“Oh, no; I wouldn't say that. No, she don't,” he protested, innocently. “She don't know you more than just to speak to, you see. So how could she?”
“Well, she does. I can tell.”
A frown appeared upon his rounded brow. “No; I'll tell you the way she feels. It's like this: Ella isn't TOO popular, you know—it's hard to see why, because she's a right nice girl, in her way—and mother thinks I ought to look after her, you see. She thinks I ought to dance a whole lot with her myself, and stir up other fellows to dance with her—it's simply impossible to make mother understand you CAN'T do that, you see. And then about me, you see, if she had her way I wouldn't get to dance with anybody at all except girls like Mildred Palmer and Henrietta Lamb. Mother wants to run my whole programme for me, you understand, but the trouble of it is—about girls like that, you see well, I couldn't do what she wants, even if I wanted to myself, because you take those girls, and by the time I get Ella off my hands for a minute, why, their dances are always every last one taken, and where do I come in?”
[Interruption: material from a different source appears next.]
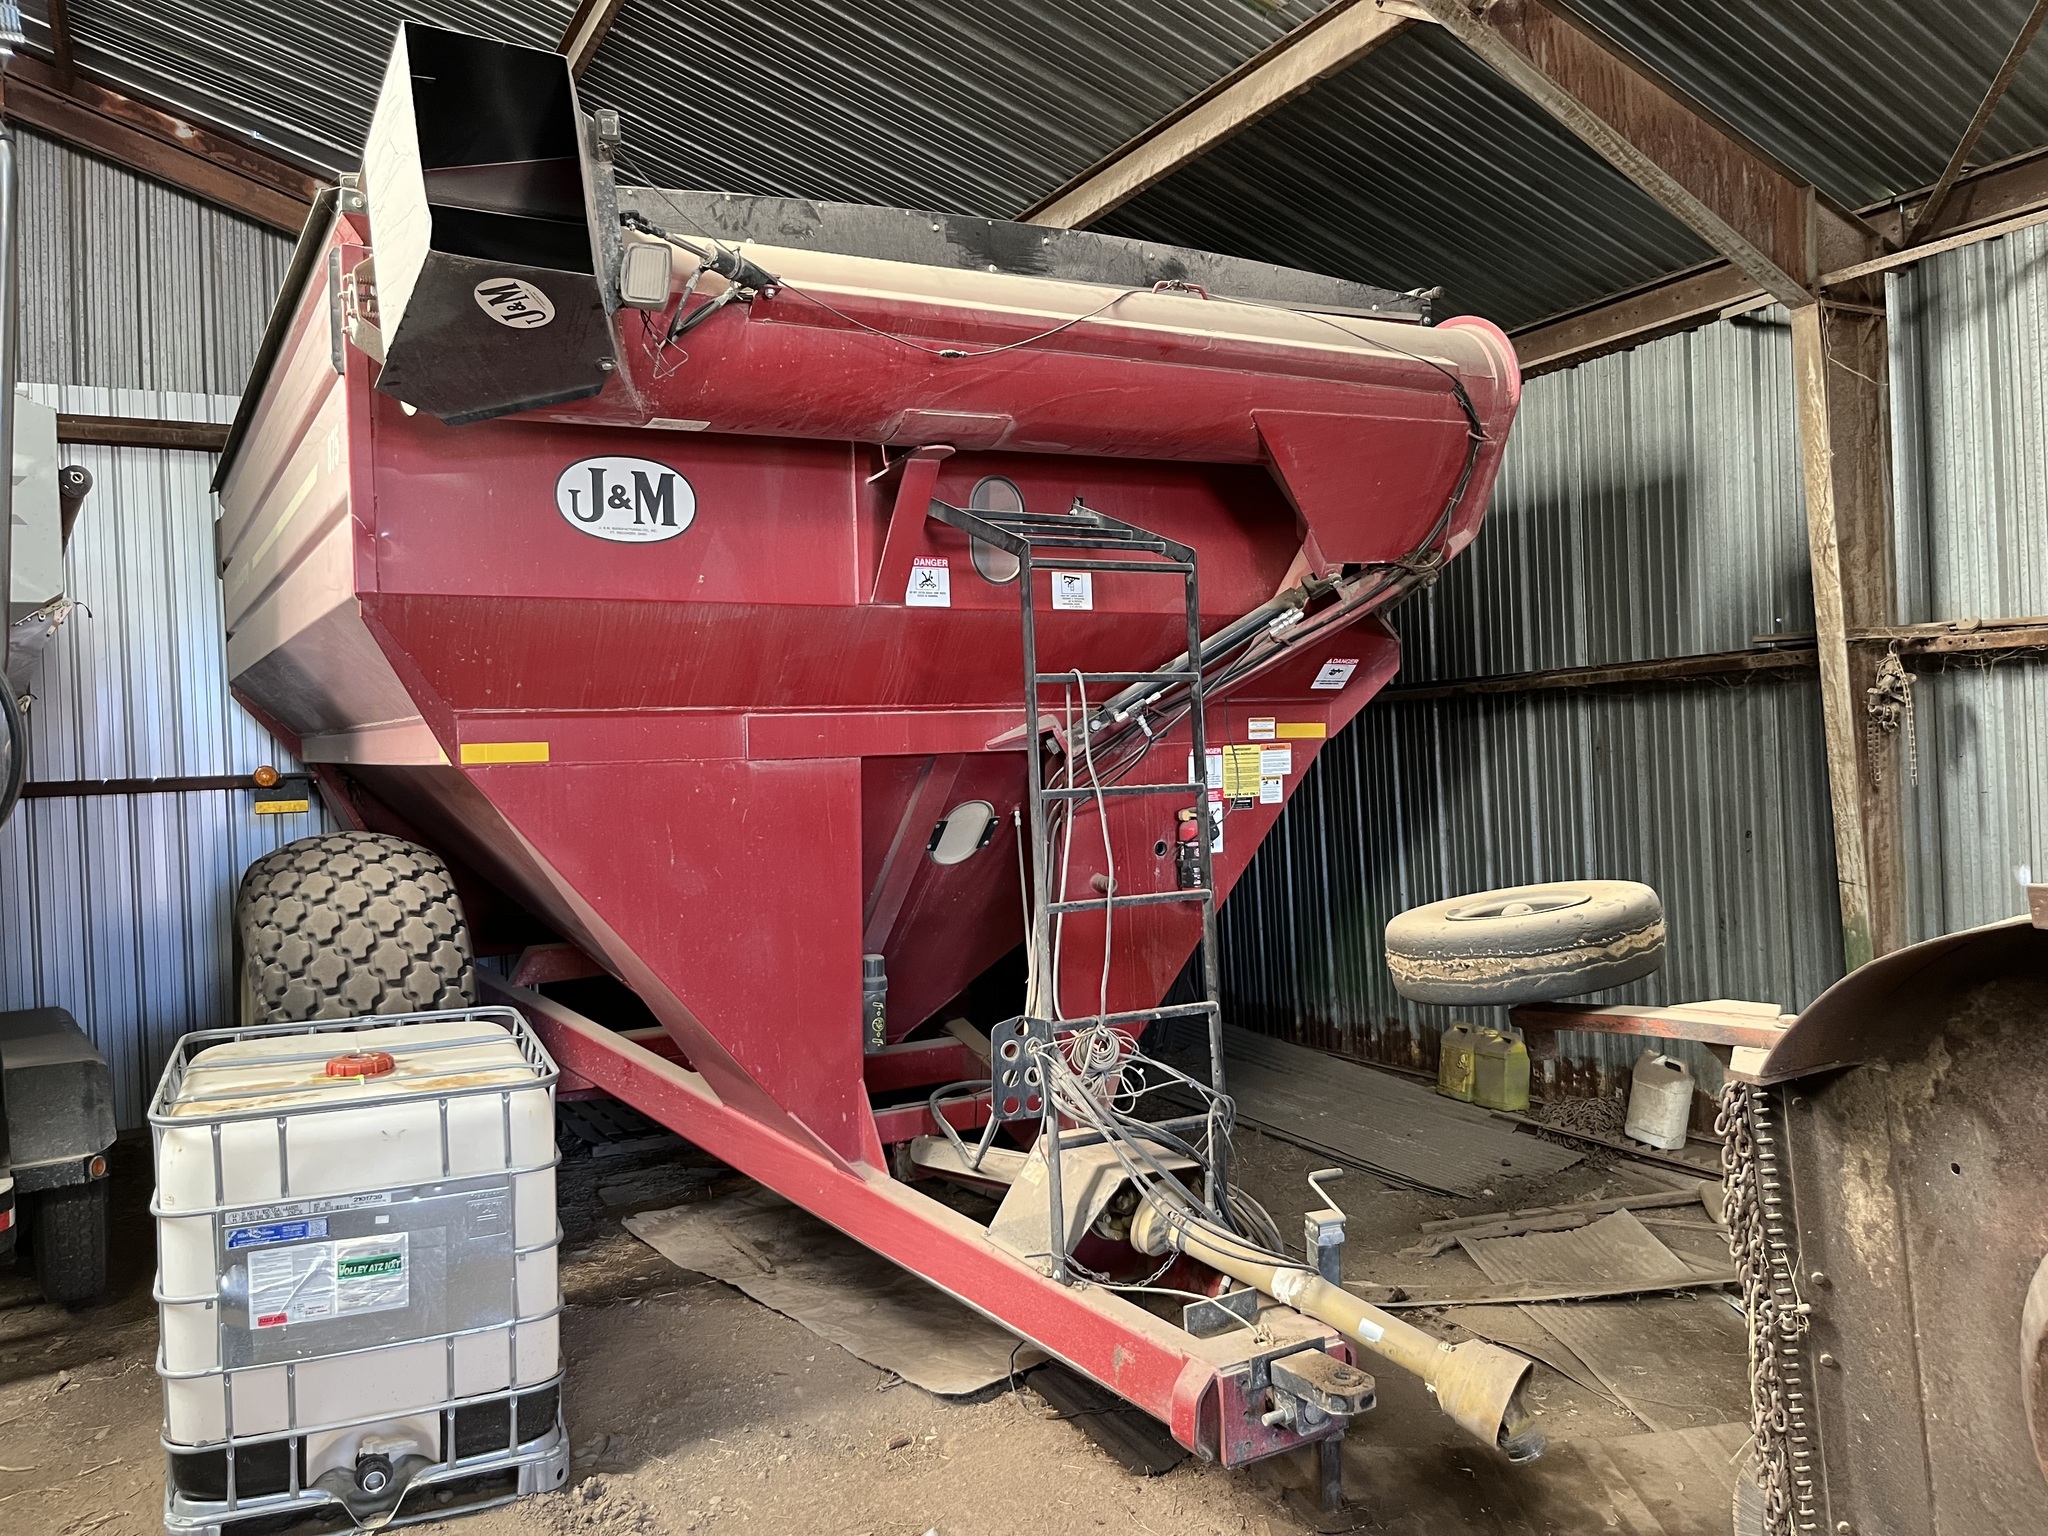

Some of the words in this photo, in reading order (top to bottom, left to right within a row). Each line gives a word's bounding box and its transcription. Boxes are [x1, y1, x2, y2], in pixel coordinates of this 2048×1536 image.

Alice nodded, her amiability undamaged. “I see. So that's why you dance with me.”
“No, I like to,” he protested. “I rather dance with you than I do with those girls.” And he added with a retrospective determination which showed that he had been through quite an experience with Mrs. Dowling in this matter. “I TOLD mother I would, too!”
“Did it take all your courage, Frank?”
He looked at her shrewdly. “Now you're trying to tease me,” he said. “I don't care; I WOULD rather dance with you! In the first place, you're a perfectly beautiful dancer, you see, and in the second, a man feels a lot more comfortable with you than he does with them. Of course I know almost all the other fellows get along with those girls all right; but I don't waste any time on 'em I don't have to. I like people that are always cordial to everybody, you see—the way you are.”
“Thank you,” she said, thoughtfully.
“Oh, I MEAN it,” he insisted. “There goes the band again. Shall we?”
“Suppose we sit it out?” she suggested. “I believe I'd like to go out in the corridor, after all—it's pretty warm in here.”